BEGIN Task material
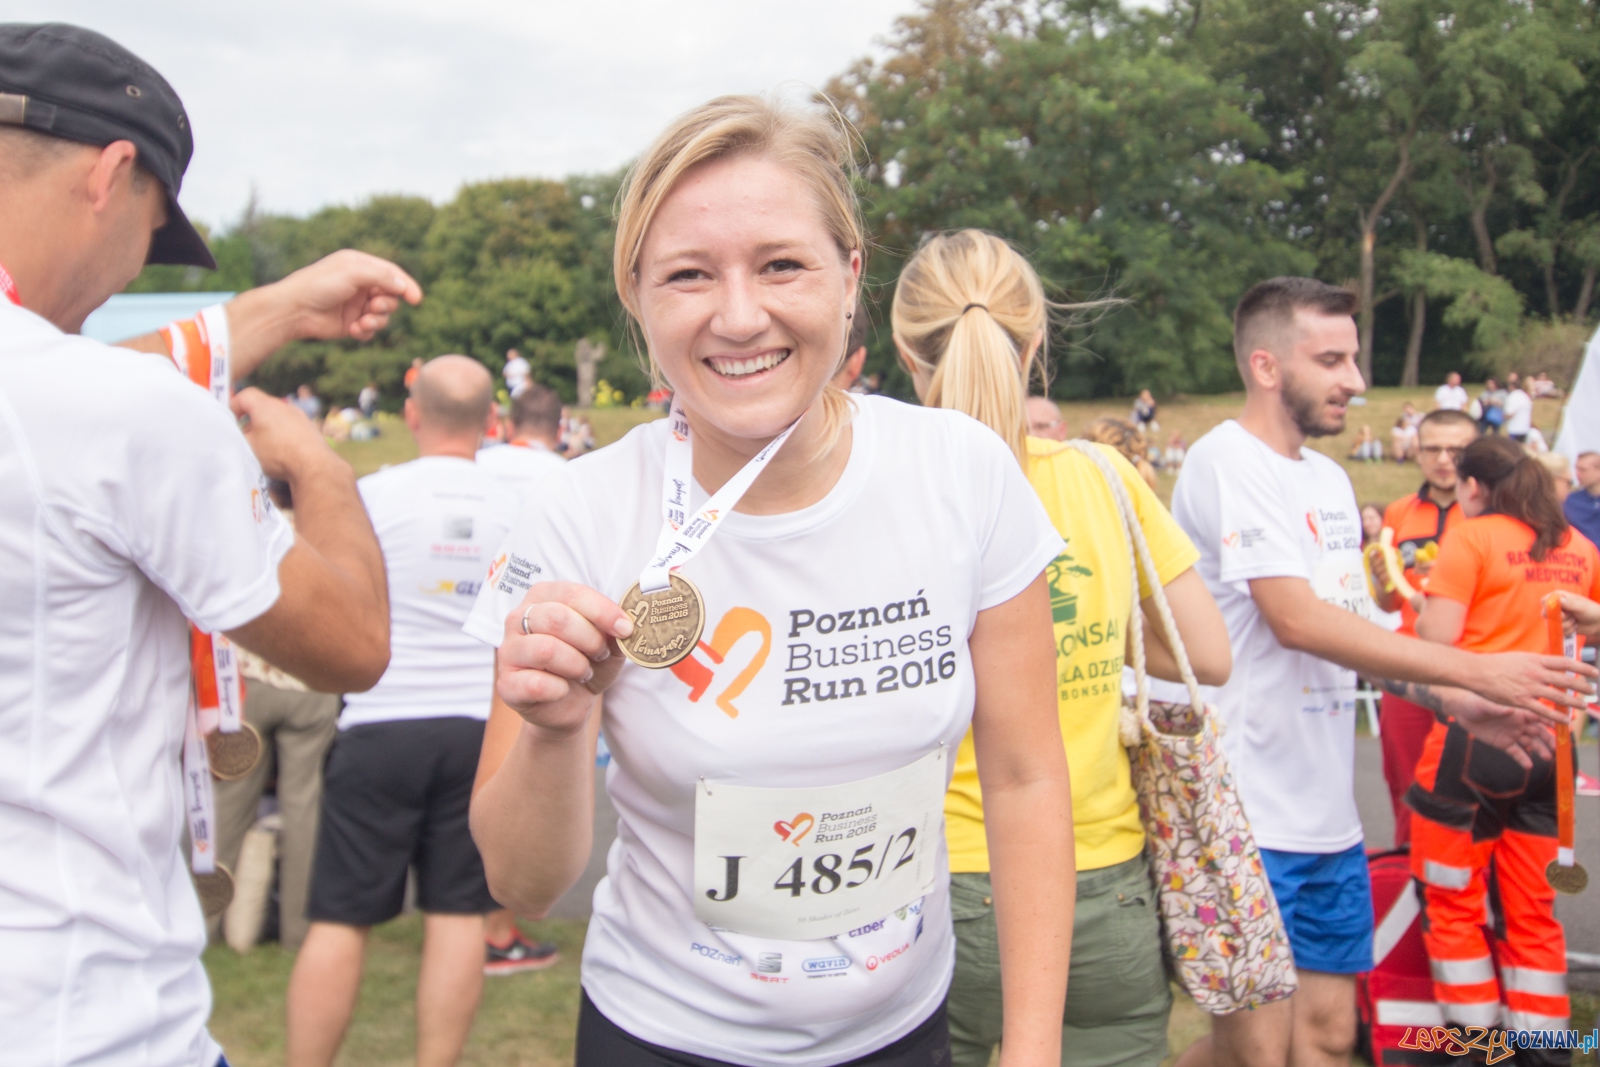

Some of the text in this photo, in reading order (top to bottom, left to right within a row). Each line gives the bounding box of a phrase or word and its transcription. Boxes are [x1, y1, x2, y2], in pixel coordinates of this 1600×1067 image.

[497, 581, 513, 594] Run
[501, 571, 533, 591] Busines
[650, 594, 684, 608] Poznań
[650, 601, 688, 616] Business
[650, 609, 689, 624] Run 2016
[788, 589, 931, 638] Poznań
[785, 625, 953, 672] Business
[1056, 618, 1119, 659] ONSAI
[781, 651, 957, 706] Run 2016
[817, 813, 878, 834] Business
[820, 804, 873, 823] Poznań
[814, 822, 878, 844] Run 2016
[705, 855, 748, 902] J
[773, 827, 917, 898] 485/2
[880, 942, 910, 963] VEOLIA
[808, 957, 846, 970] wavin
[750, 972, 790, 984] SEAT
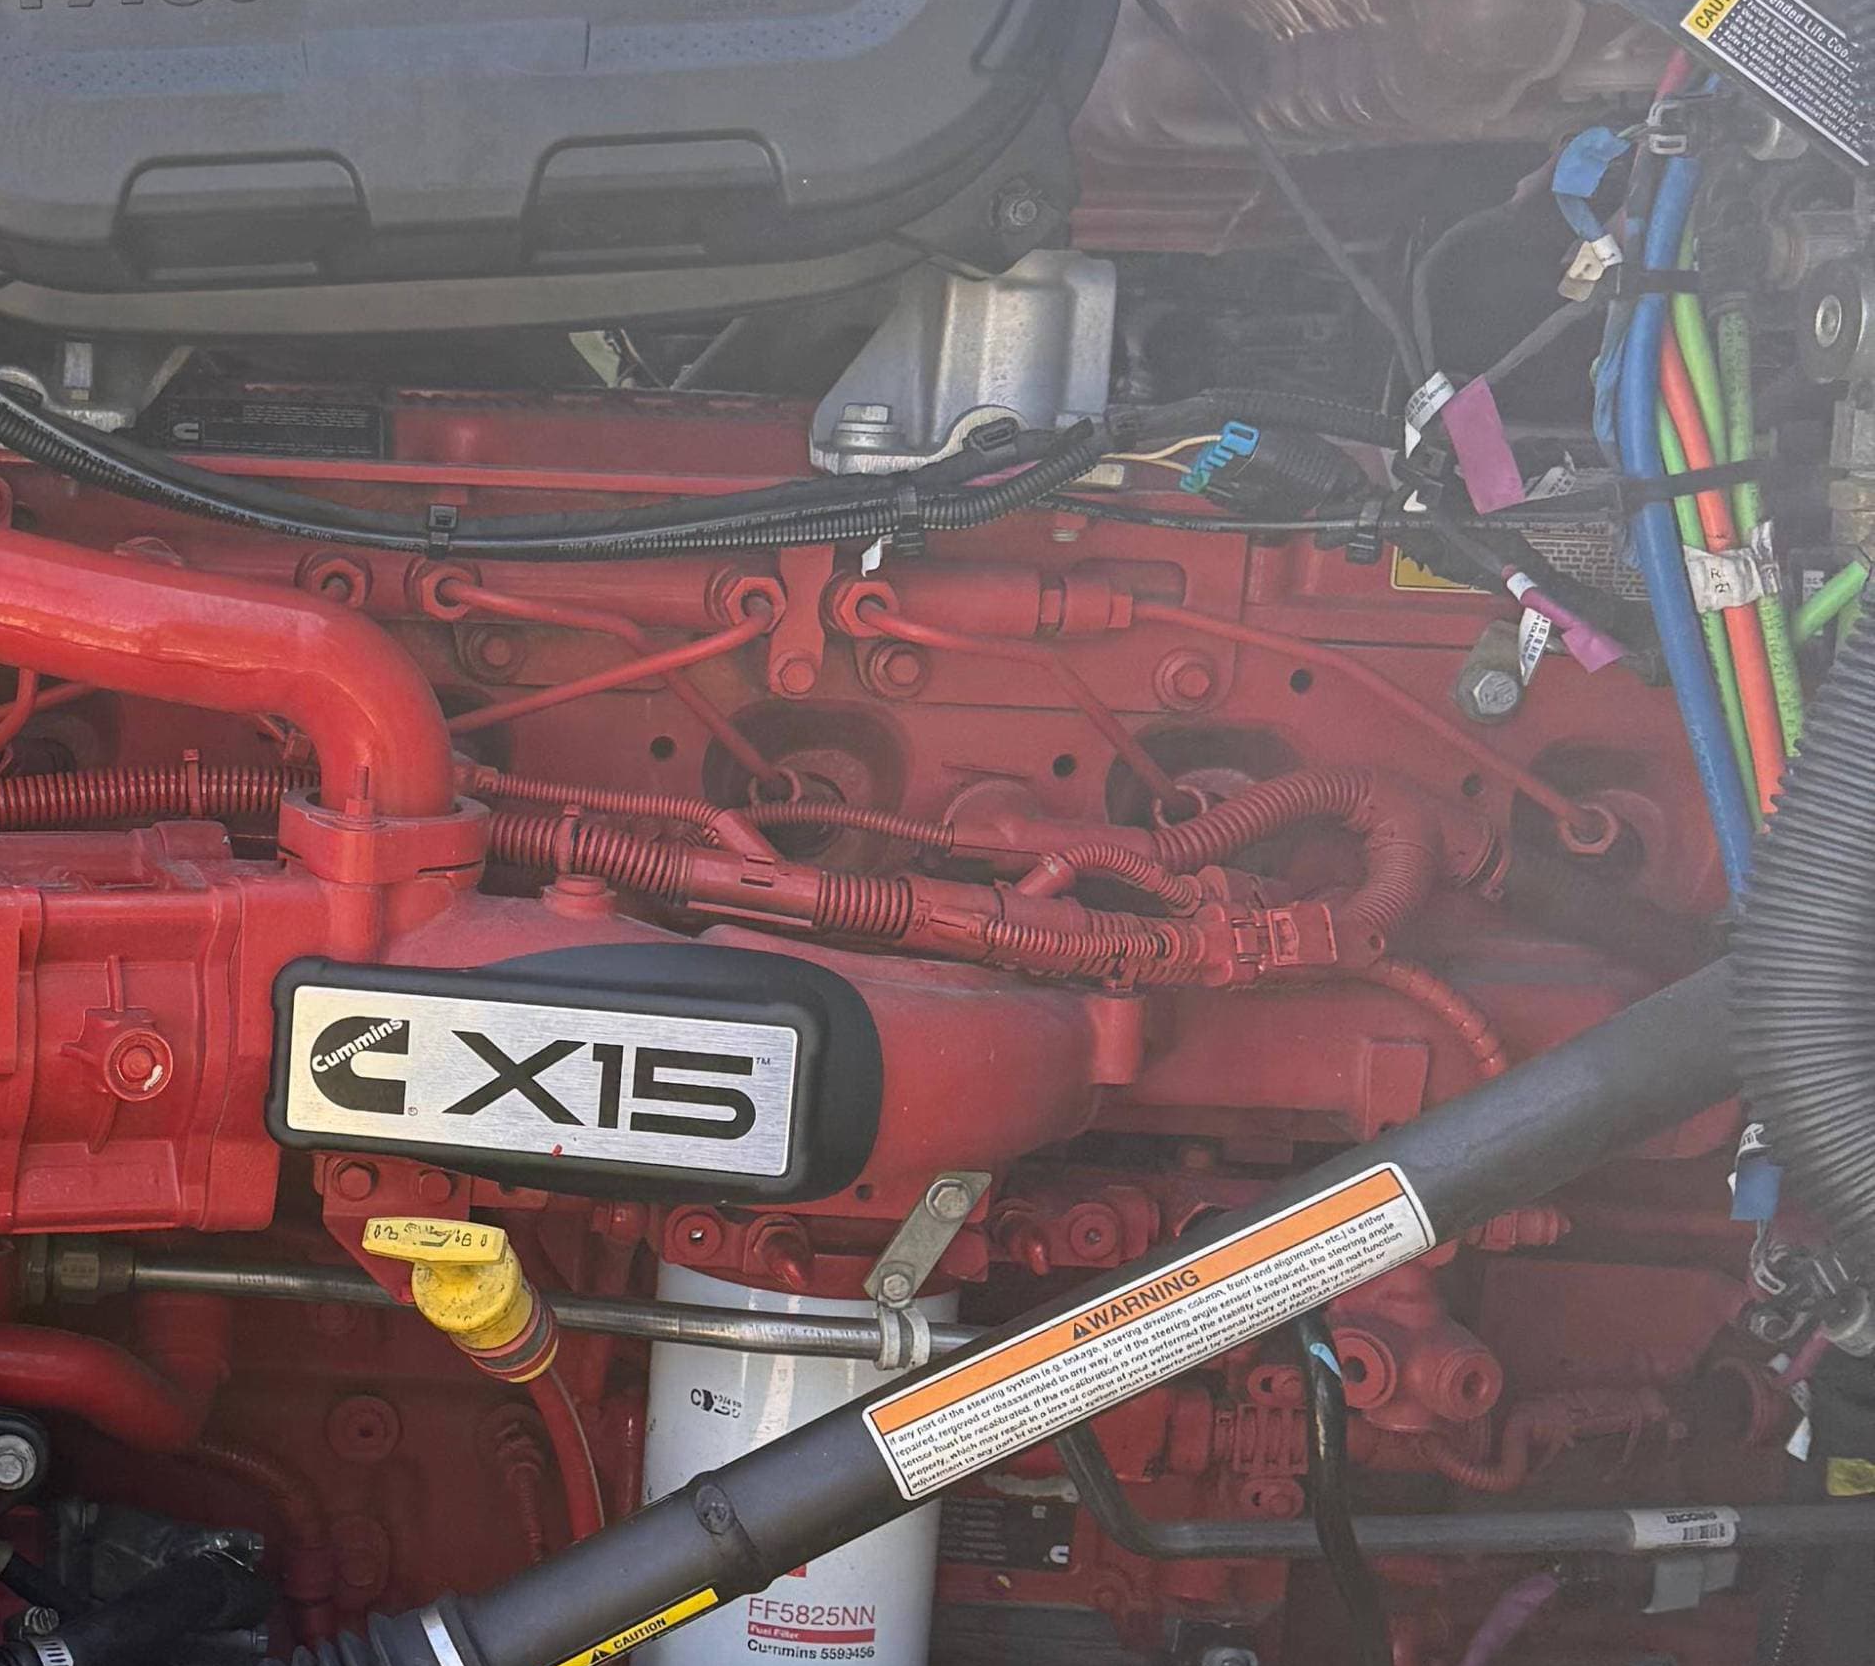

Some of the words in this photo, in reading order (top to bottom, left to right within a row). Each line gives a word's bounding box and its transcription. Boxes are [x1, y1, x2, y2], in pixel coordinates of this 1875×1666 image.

[1805, 14, 1826, 41] Life
[311, 1017, 403, 1073] Cummins
[443, 1029, 755, 1140] X15
[980, 1409, 991, 1418] or
[1057, 1373, 1069, 1382] in
[1069, 1365, 1086, 1377] any
[1112, 1348, 1122, 1357] or
[1123, 1343, 1131, 1351] if
[1132, 1337, 1149, 1348] the
[1150, 1319, 1190, 1340] steering
[1191, 1306, 1218, 1322] angle
[1219, 1289, 1251, 1308] sensor
[1252, 1284, 1263, 1293] is
[1308, 1255, 1326, 1266] the
[1327, 1236, 1367, 1258] steering
[1368, 1222, 1394, 1239] angle
[1086, 1269, 1199, 1329] WARNING
[888, 1436, 896, 1445] If
[898, 1429, 914, 1442] any
[916, 1419, 937, 1435] part
[936, 1412, 947, 1424] of
[948, 1407, 964, 1418] the
[966, 1389, 1005, 1410] steering
[1005, 1372, 1040, 1392] system
[1102, 1326, 1142, 1348] steering
[1347, 1226, 1357, 1234] is
[1357, 1212, 1385, 1229] either
[613, 1615, 668, 1649] CAUTION
[748, 1596, 875, 1627] FF5825NN
[747, 1638, 817, 1660] Cummins
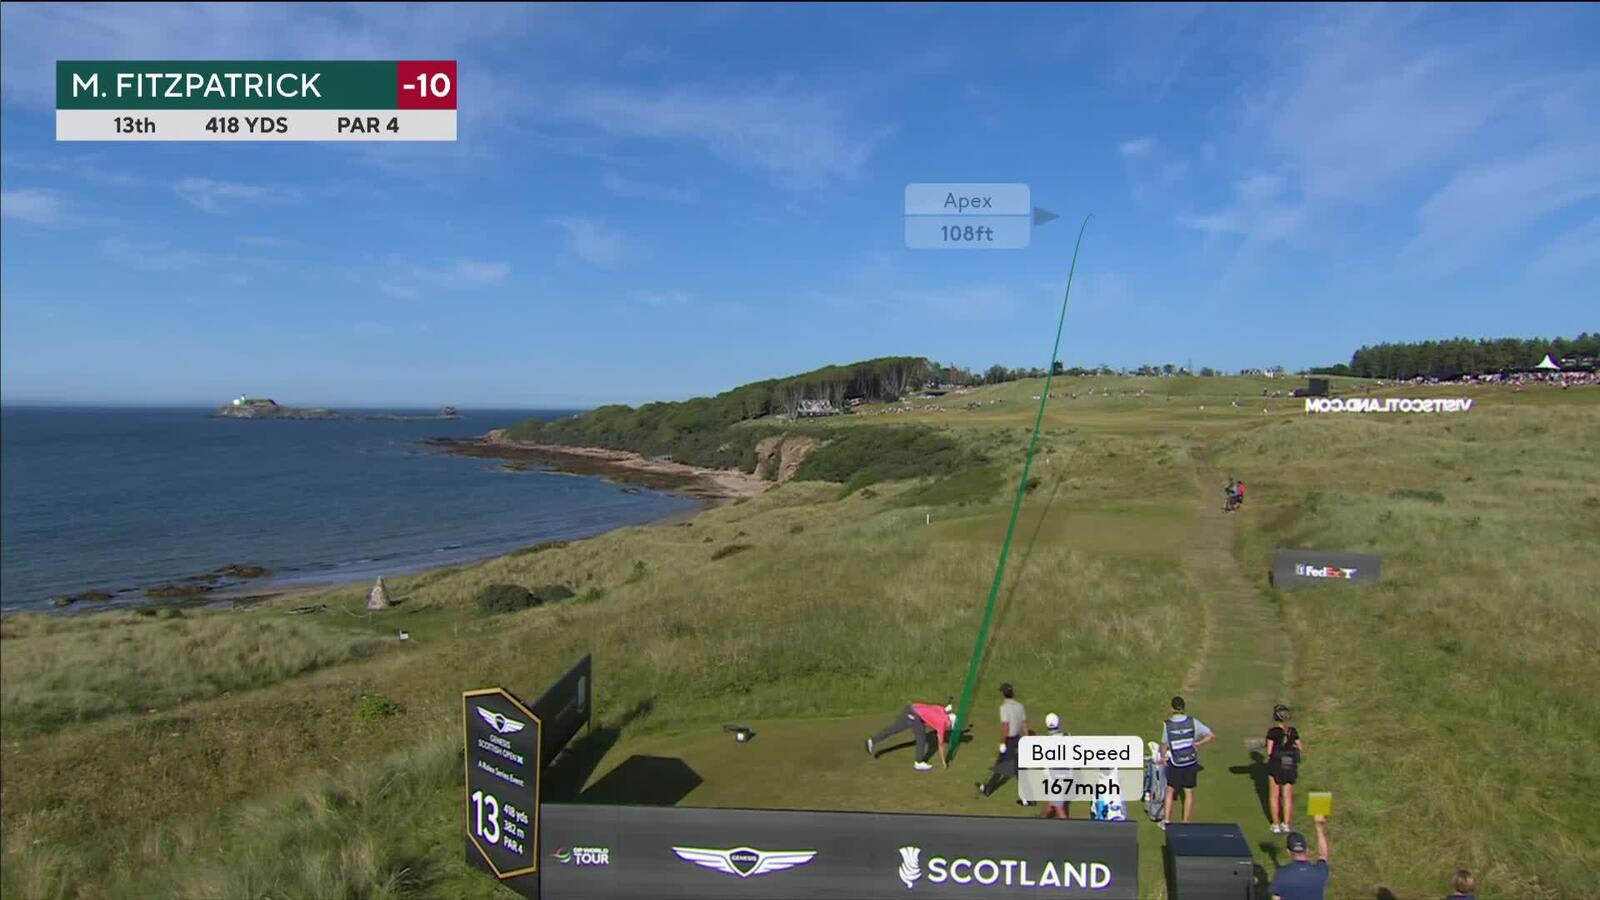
END Task material
Each entry needs to be retyped exactly; the pictures stay out.

Some of the text in this photo, in reading order (top to bottom, left to right within a row). Each line gives the bounding box of a phrase or word and its transcription. Boxes are [x1, y1, x2, y2], in pixel coordinates of this 1600×1067 image.

[497, 581, 513, 594] Run
[501, 571, 533, 591] Busines
[650, 594, 684, 608] Poznań
[650, 601, 688, 616] Business
[650, 609, 689, 624] Run 2016
[788, 589, 931, 638] Poznań
[785, 625, 953, 672] Business
[1056, 618, 1119, 659] ONSAI
[781, 651, 957, 706] Run 2016
[817, 813, 878, 834] Business
[820, 804, 873, 823] Poznań
[814, 822, 878, 844] Run 2016
[705, 855, 748, 902] J
[773, 827, 917, 898] 485/2
[880, 942, 910, 963] VEOLIA
[808, 957, 846, 970] wavin
[750, 972, 790, 984] SEAT

Some of the words in this photo, in reading order (top to bottom, left to right within a row). Each line gives a word's bounding box and its transcription. Boxes are [x1, y1, x2, y2], in pixel coordinates of this 1875×1666 image.

[1805, 14, 1826, 41] Life
[311, 1017, 403, 1073] Cummins
[443, 1029, 755, 1140] X15
[980, 1409, 991, 1418] or
[1057, 1373, 1069, 1382] in
[1069, 1365, 1086, 1377] any
[1112, 1348, 1122, 1357] or
[1123, 1343, 1131, 1351] if
[1132, 1337, 1149, 1348] the
[1150, 1319, 1190, 1340] steering
[1191, 1306, 1218, 1322] angle
[1219, 1289, 1251, 1308] sensor
[1252, 1284, 1263, 1293] is
[1308, 1255, 1326, 1266] the
[1327, 1236, 1367, 1258] steering
[1368, 1222, 1394, 1239] angle
[1086, 1269, 1199, 1329] WARNING
[888, 1436, 896, 1445] If
[898, 1429, 914, 1442] any
[916, 1419, 937, 1435] part
[936, 1412, 947, 1424] of
[948, 1407, 964, 1418] the
[966, 1389, 1005, 1410] steering
[1005, 1372, 1040, 1392] system
[1102, 1326, 1142, 1348] steering
[1347, 1226, 1357, 1234] is
[1357, 1212, 1385, 1229] either
[613, 1615, 668, 1649] CAUTION
[748, 1596, 875, 1627] FF5825NN
[747, 1638, 817, 1660] Cummins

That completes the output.